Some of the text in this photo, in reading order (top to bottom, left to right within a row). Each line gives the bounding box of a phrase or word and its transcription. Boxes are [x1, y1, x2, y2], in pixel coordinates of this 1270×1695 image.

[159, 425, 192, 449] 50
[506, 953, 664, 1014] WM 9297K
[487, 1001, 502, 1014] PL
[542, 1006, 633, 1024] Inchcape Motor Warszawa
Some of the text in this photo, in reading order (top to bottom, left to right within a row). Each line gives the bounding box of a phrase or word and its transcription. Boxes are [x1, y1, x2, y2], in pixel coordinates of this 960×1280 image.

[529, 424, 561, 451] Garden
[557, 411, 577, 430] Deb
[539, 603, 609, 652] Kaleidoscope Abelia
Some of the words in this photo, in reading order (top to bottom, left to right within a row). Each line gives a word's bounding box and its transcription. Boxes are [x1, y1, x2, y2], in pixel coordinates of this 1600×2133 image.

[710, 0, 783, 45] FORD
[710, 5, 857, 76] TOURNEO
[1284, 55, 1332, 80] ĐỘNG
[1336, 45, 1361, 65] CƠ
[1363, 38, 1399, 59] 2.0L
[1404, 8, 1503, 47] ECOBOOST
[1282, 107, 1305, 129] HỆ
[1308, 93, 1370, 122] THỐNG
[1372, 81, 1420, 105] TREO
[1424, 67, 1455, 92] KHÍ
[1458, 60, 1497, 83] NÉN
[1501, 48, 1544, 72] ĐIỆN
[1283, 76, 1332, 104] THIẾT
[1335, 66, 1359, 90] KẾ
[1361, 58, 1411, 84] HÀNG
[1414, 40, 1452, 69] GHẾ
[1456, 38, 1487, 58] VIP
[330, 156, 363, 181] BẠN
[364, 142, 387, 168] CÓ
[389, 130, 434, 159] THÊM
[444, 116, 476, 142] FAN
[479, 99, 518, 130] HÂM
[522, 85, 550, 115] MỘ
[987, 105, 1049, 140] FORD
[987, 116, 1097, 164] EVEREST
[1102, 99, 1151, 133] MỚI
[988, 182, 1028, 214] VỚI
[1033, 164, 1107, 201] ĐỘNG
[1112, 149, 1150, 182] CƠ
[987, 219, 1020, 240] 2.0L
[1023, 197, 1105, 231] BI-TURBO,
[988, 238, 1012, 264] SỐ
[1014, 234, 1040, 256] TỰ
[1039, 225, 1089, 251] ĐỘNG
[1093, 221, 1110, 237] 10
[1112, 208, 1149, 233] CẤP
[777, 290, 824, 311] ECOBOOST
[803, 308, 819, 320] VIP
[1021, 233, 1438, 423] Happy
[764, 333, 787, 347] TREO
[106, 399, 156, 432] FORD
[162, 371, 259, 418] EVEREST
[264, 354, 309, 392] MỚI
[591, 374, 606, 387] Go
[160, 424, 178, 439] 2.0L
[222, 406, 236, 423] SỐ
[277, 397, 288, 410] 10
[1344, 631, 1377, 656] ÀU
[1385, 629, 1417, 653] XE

----

→ **Exercise aim**
Quote the whole listing above, leaving nothing out.

→ **Exercise result**
Some of the text in this photo, in reading order (top to bottom, left to right within a row). Each line gives the bounding box of a phrase or word and its transcription. Boxes are [x1, y1, x2, y2], in pixel coordinates of this 1270×1695 image.

[159, 425, 192, 449] 50
[506, 953, 664, 1014] WM 9297K
[487, 1001, 502, 1014] PL
[542, 1006, 633, 1024] Inchcape Motor Warszawa
Some of the text in this photo, in reading order (top to bottom, left to right within a row). Each line gives the bounding box of a phrase or word and its transcription. Boxes are [x1, y1, x2, y2], in pixel coordinates of this 960×1280 image.

[529, 424, 561, 451] Garden
[557, 411, 577, 430] Deb
[539, 603, 609, 652] Kaleidoscope Abelia
Some of the words in this photo, in reading order (top to bottom, left to right within a row). Each line gives a word's bounding box and its transcription. Boxes are [x1, y1, x2, y2], in pixel coordinates of this 1600×2133 image.

[710, 0, 783, 45] FORD
[710, 5, 857, 76] TOURNEO
[1284, 55, 1332, 80] ĐỘNG
[1336, 45, 1361, 65] CƠ
[1363, 38, 1399, 59] 2.0L
[1404, 8, 1503, 47] ECOBOOST
[1282, 107, 1305, 129] HỆ
[1308, 93, 1370, 122] THỐNG
[1372, 81, 1420, 105] TREO
[1424, 67, 1455, 92] KHÍ
[1458, 60, 1497, 83] NÉN
[1501, 48, 1544, 72] ĐIỆN
[1283, 76, 1332, 104] THIẾT
[1335, 66, 1359, 90] KẾ
[1361, 58, 1411, 84] HÀNG
[1414, 40, 1452, 69] GHẾ
[1456, 38, 1487, 58] VIP
[330, 156, 363, 181] BẠN
[364, 142, 387, 168] CÓ
[389, 130, 434, 159] THÊM
[444, 116, 476, 142] FAN
[479, 99, 518, 130] HÂM
[522, 85, 550, 115] MỘ
[987, 105, 1049, 140] FORD
[987, 116, 1097, 164] EVEREST
[1102, 99, 1151, 133] MỚI
[988, 182, 1028, 214] VỚI
[1033, 164, 1107, 201] ĐỘNG
[1112, 149, 1150, 182] CƠ
[987, 219, 1020, 240] 2.0L
[1023, 197, 1105, 231] BI-TURBO,
[988, 238, 1012, 264] SỐ
[1014, 234, 1040, 256] TỰ
[1039, 225, 1089, 251] ĐỘNG
[1093, 221, 1110, 237] 10
[1112, 208, 1149, 233] CẤP
[777, 290, 824, 311] ECOBOOST
[803, 308, 819, 320] VIP
[1021, 233, 1438, 423] Happy
[764, 333, 787, 347] TREO
[106, 399, 156, 432] FORD
[162, 371, 259, 418] EVEREST
[264, 354, 309, 392] MỚI
[591, 374, 606, 387] Go
[160, 424, 178, 439] 2.0L
[222, 406, 236, 423] SỐ
[277, 397, 288, 410] 10
[1344, 631, 1377, 656] ÀU
[1385, 629, 1417, 653] XE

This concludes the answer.